HOW TO COMPLETE THIS TASK
Your answer must be the records below repeated word for word, with no pictures in it.

(Collected data entries)
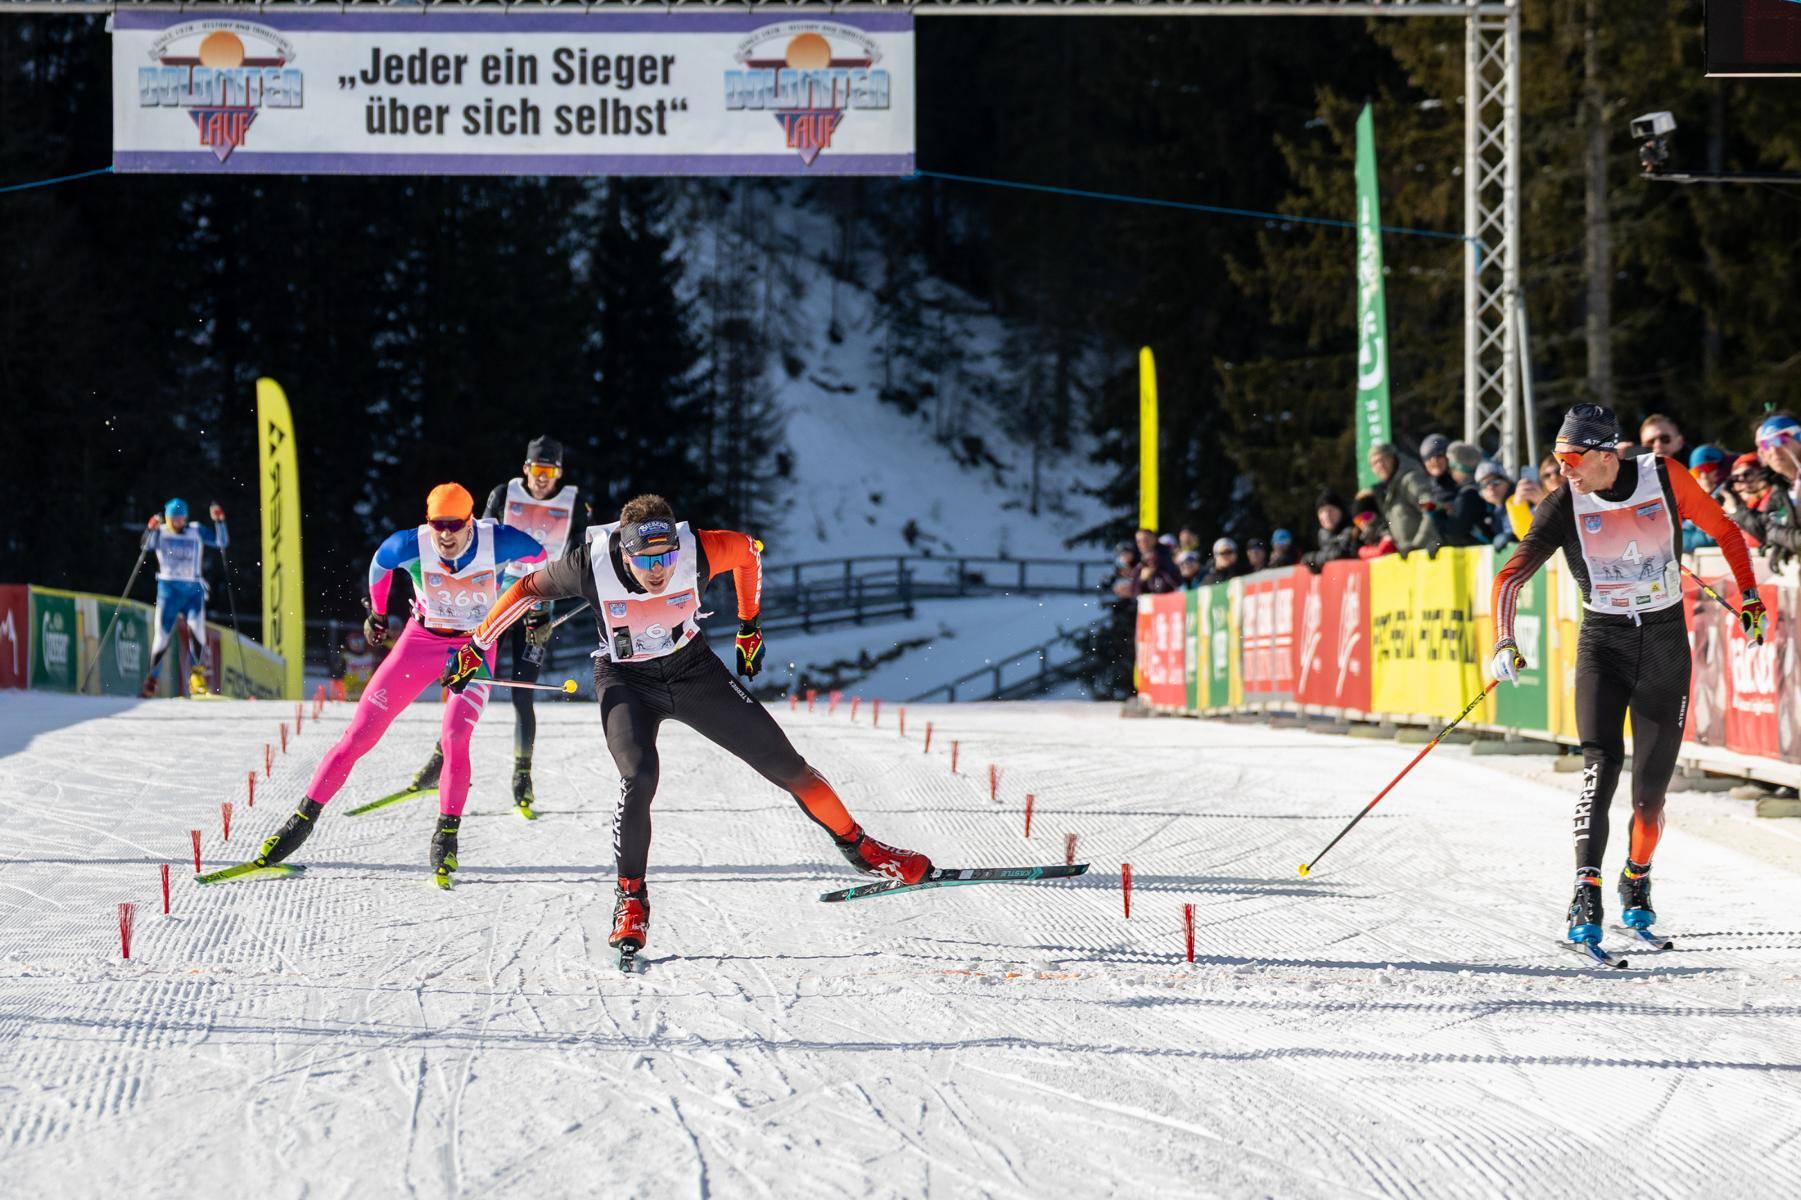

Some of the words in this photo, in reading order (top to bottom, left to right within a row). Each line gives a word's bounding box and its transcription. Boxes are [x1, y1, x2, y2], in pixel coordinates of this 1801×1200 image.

[201, 21, 233, 30] HISTORY
[235, 23, 250, 32] AND
[252, 26, 289, 48] TRADITION
[481, 47, 538, 86] ein
[552, 47, 676, 91] Sieger
[199, 111, 249, 146] LAUF
[366, 96, 449, 136] über
[462, 97, 541, 136] sich
[785, 114, 837, 149] LAUF
[1622, 540, 1642, 565] 4
[437, 589, 488, 607] 360
[646, 623, 666, 639] 6
[1573, 764, 1598, 847] TERREX

RESULT
Some of the words in this photo, in reading order (top to bottom, left to right within a row). Each line gives a word's bounding box and its transcription. Boxes are [x1, y1, x2, y2], in pixel coordinates of this 1801×1200 image.

[201, 21, 233, 30] HISTORY
[235, 23, 250, 32] AND
[252, 26, 289, 48] TRADITION
[481, 47, 538, 86] ein
[552, 47, 676, 91] Sieger
[199, 111, 249, 146] LAUF
[366, 96, 449, 136] über
[462, 97, 541, 136] sich
[785, 114, 837, 149] LAUF
[1622, 540, 1642, 565] 4
[437, 589, 488, 607] 360
[646, 623, 666, 639] 6
[1573, 764, 1598, 847] TERREX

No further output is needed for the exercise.